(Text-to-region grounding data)
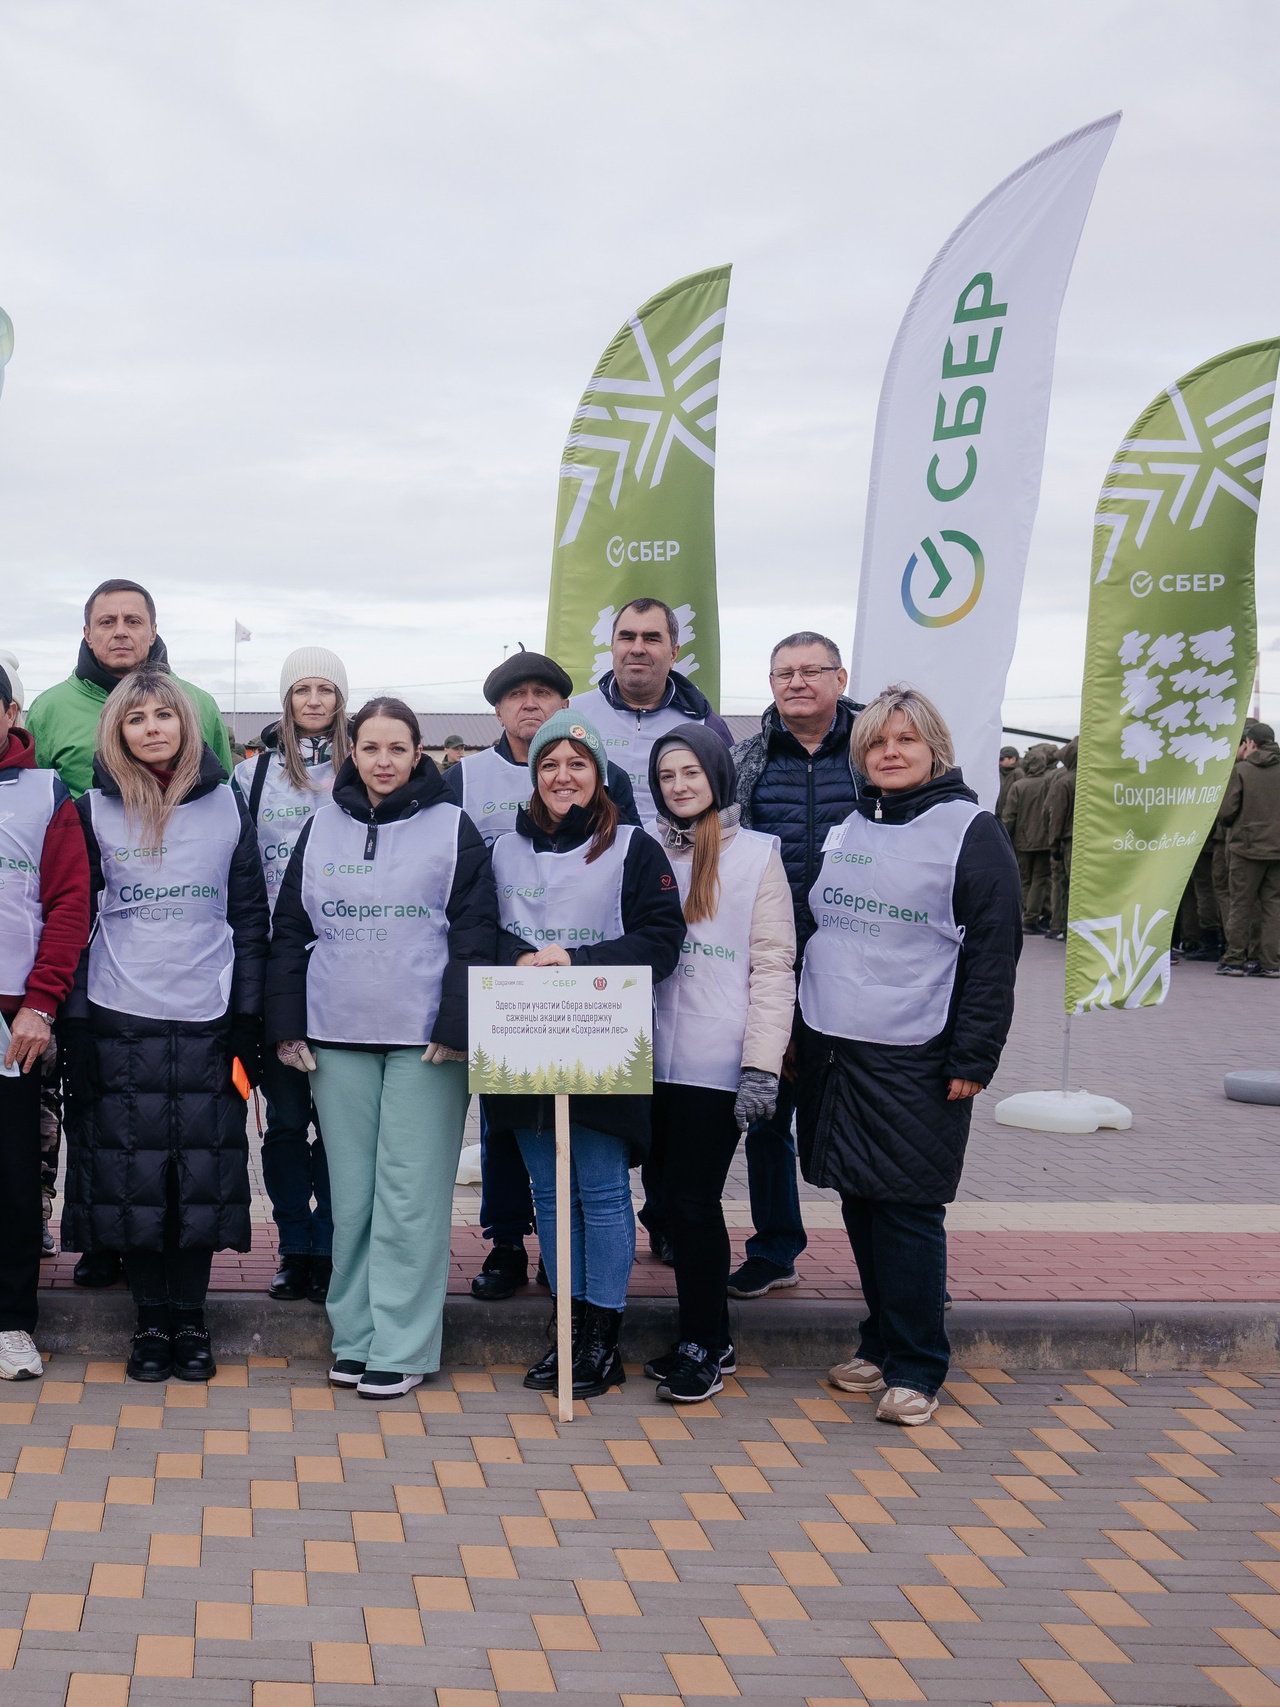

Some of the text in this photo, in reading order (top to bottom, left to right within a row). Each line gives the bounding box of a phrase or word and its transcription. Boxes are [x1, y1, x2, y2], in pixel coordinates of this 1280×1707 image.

[926, 271, 1008, 502] СБЕР
[627, 541, 680, 562] СБЕР
[1159, 574, 1225, 592] СБЕР
[603, 739, 630, 747] БЕР
[1113, 783, 1222, 813] Сохраним лес
[277, 806, 311, 818] СБЕР
[133, 847, 168, 858] СБЕР
[845, 853, 873, 865] СБЕР
[338, 864, 373, 875] СБЕР
[119, 883, 219, 903] Сберегаем
[516, 887, 545, 898] СБЕР
[321, 899, 431, 922] Сберегаем
[823, 887, 929, 925] Сберегаем
[120, 906, 183, 921] вместе
[822, 914, 881, 938] вместе
[324, 927, 388, 941] вместе
[680, 941, 736, 963] егаем
[552, 979, 577, 987] СБЕР
[495, 1000, 622, 1012] Здесь при участии Сбера высажены
[506, 1014, 538, 1022] саженцы
[540, 1014, 566, 1022] акации
[572, 1014, 612, 1024] поддержку
[491, 1024, 628, 1036] Всероссийской акции «Сохраним лес»

To do → Write out each entry word for word, images excluded.

Answer box →
Some of the text in this photo, in reading order (top to bottom, left to right within a row). Each line gives the bounding box of a phrase or word and its transcription. Boxes are [x1, y1, x2, y2], in pixel coordinates of this 1280×1707 image.

[926, 271, 1008, 502] СБЕР
[627, 541, 680, 562] СБЕР
[1159, 574, 1225, 592] СБЕР
[603, 739, 630, 747] БЕР
[1113, 783, 1222, 813] Сохраним лес
[277, 806, 311, 818] СБЕР
[133, 847, 168, 858] СБЕР
[845, 853, 873, 865] СБЕР
[338, 864, 373, 875] СБЕР
[119, 883, 219, 903] Сберегаем
[516, 887, 545, 898] СБЕР
[321, 899, 431, 922] Сберегаем
[823, 887, 929, 925] Сберегаем
[120, 906, 183, 921] вместе
[822, 914, 881, 938] вместе
[324, 927, 388, 941] вместе
[680, 941, 736, 963] егаем
[552, 979, 577, 987] СБЕР
[495, 1000, 622, 1012] Здесь при участии Сбера высажены
[506, 1014, 538, 1022] саженцы
[540, 1014, 566, 1022] акации
[572, 1014, 612, 1024] поддержку
[491, 1024, 628, 1036] Всероссийской акции «Сохраним лес»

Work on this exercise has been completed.